A total of 102 patients received the first generation EGFR-TKI drug orally as first-line treatment, and the remaining 92 patients were treated with the same drug as the second line or other treatments. The majority of the patients were pure adenocarcinoma pathological types (190, 97.9%) and in stage IV of TNM (157, 80.9%), as well as with 0–2 ECOG scores (173, 89.2%) during the course of the EGFR-TKI therapy (Table 1).
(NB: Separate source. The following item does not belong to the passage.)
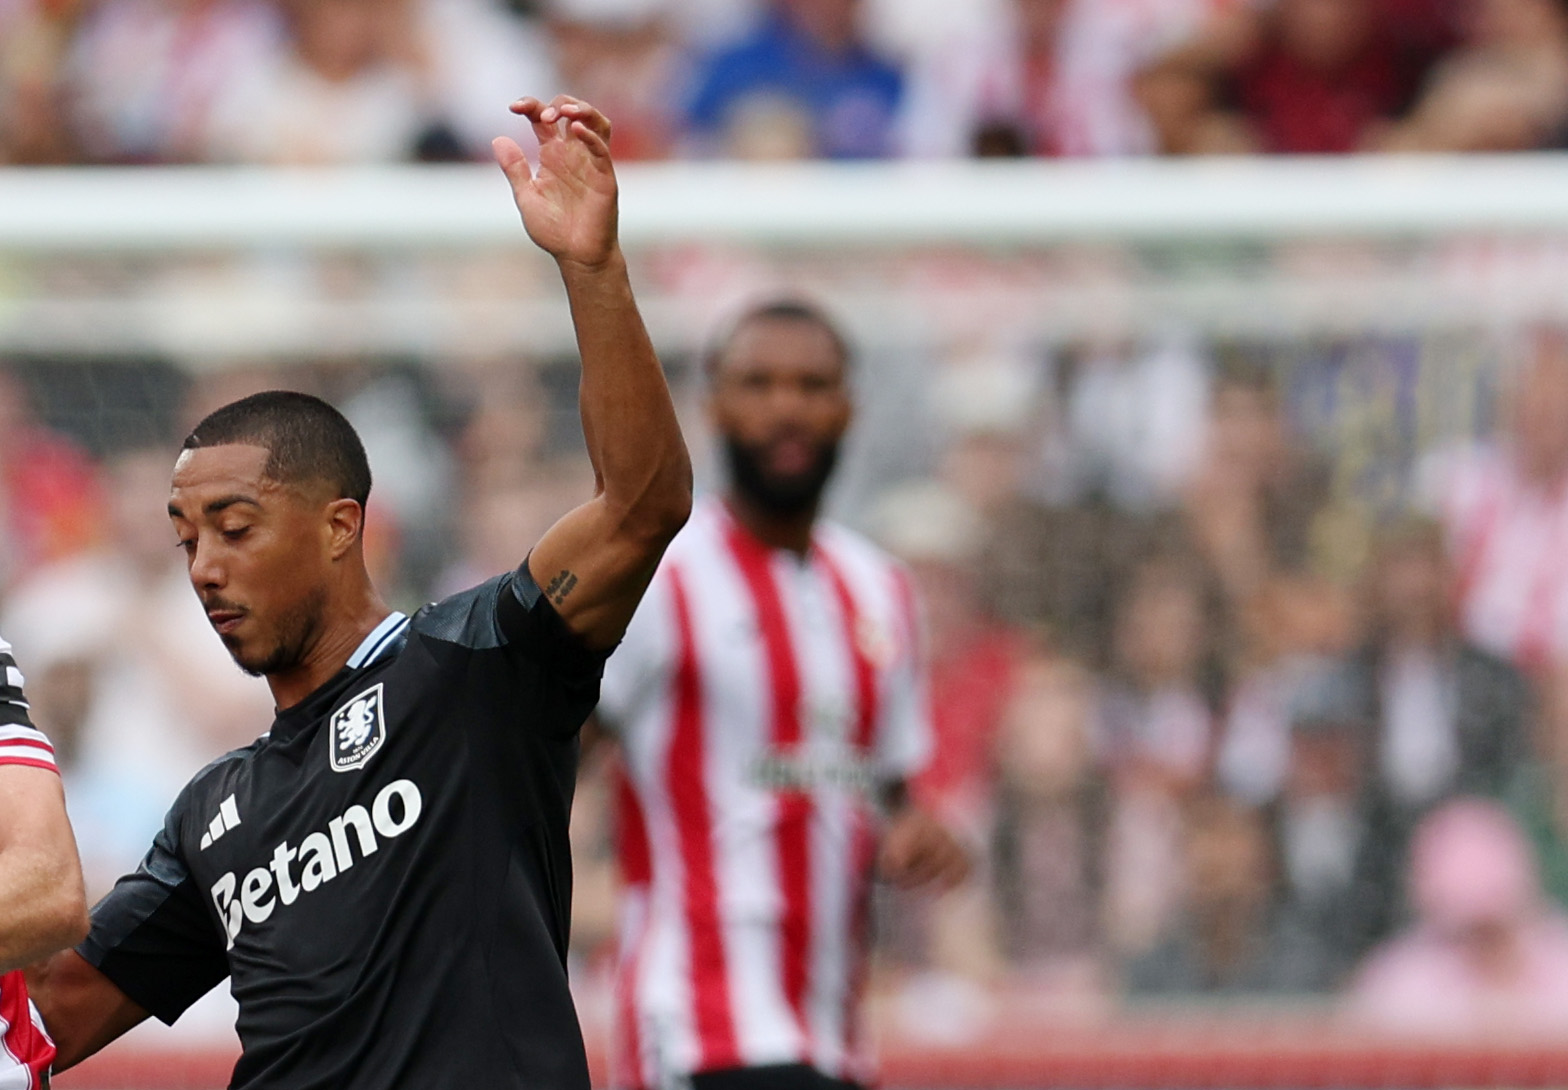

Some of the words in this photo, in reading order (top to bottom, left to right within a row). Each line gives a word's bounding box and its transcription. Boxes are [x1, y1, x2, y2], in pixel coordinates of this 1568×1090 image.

[337, 753, 361, 765] ASTON
[361, 736, 379, 756] VILLA
[210, 779, 422, 951] Betano
PFS correlated with EGFR mutation abundance or mutation sites after EGFR-TKI therapy

Up to the third of December 2015 after follow-up, 145 of 194 patients treated with the first generation of oral EGFR-TKI drug exhibited disease progression. The median follow-up time was 18.1 months (range, 7.1–33.0 months), with an overall disease control rate of 89.2%. The median PFS was 9.3 months, and the data completed rate was 74.5% (Table 2). With further Kaplan-Meier analysis, we found that the PFS duration was related to EGFR mutation abundance, the longest PFS times, 14.8 months, being when the EGFR mutation abundance ≥30% and < 40% (6.70–22.67), with the shortest PFS time being (when the EGFR mutation abundance was <10%) 5.53 months (1.68–9.39). There was a significant difference between the PFS duration in the different EGFR mutation abundance groups (P = 0.014) (Table 2). Although the median PFS was increased initially with an increase in the mutation abundance, the median PFS did not continue to increase when the mutation abundance increased more than 40%, and even showed a downward trend (Supplementary Table 1). We respectively tried to use 10%, 20%, 30%, 40% or 50% as the cutoff values to analyze the medium PFS of the high and low abundance groups. The results also revealed that when 10%, 20% or 30% were used as the cutoff values, the medium PFS achieved a statistically significant therapeutic effect in >10%, 20%, 30% compared to <10%, 20% and 30% mutation abundances, respectively. The medium PFS was most significant (10.8 months vs 8.2 months) when a mutation abundance value of 30% was used as the cutoff value (Supplementary Table 1).

Table 2.

The association between PFS and mutation abundance after EGFR-TKI therapy.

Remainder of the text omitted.